As Forrester analyst James Staten suggests, new product announcements from both OpenStack and Microsoft Azure got a muted yawn this past week, which is a Very Good Thing, as he explains:
“[H]o-hum releases like these are signs of maturity that signal to enterprises that it’s now okay to invest. Let’s face it. Most enterprises are conservative. We don’t like to be first with any new, risky technology. That’s why we wait for the 2.1 release before trying something new… We’d like other companies to work all the kinks out of the system, live through all the stability issues and fix all the bugs so we can get a solid release to work with.”
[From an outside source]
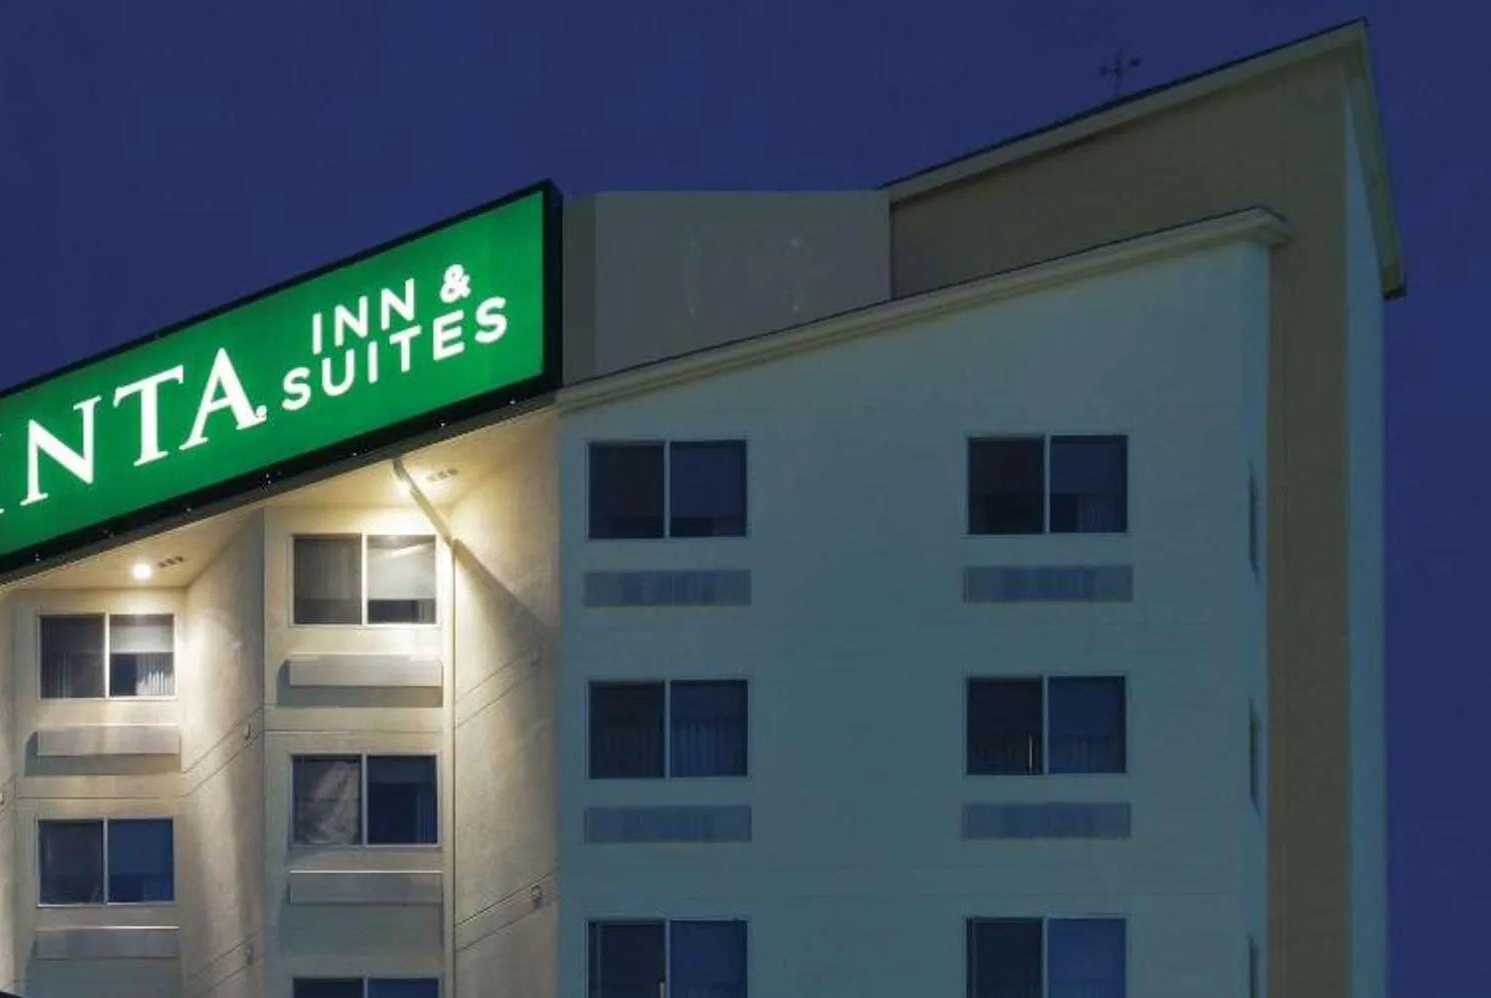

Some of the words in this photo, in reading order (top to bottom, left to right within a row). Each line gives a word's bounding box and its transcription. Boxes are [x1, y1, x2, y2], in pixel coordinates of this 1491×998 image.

As much as people have tried to hype the cloud over the years, hype is precisely the opposite of what was needed to make cloud mainstream. As such, it’s arguably a great sign that cloud is about to surrender the hype crown to Big Data, at least as measured by Google searches (as pointed out by Timo Elliott):

It’s about time. As a Unisphere survey (PDF) of Oracle users indicates, cloud is becoming strategic within the enterprise, and much more pervasive. As the survey reveals, 37% of enterprise managers are running or piloting private clouds, which is a jump from 29% two years ago. More significantly, an additional 26% use public cloud services for enterprise applications, a big boost from 14%.
This jibes with a new Barclays survey of 100 CIOs, which found them piling into the cloud. Indeed, cloud, second only to Big Data, topped the list of IT spending drivers:
In sum, for years we’ve known that cloud computing would be big. But that’s not what CIOs needed to hear. They needed to know that it could also be boring. We have arrived!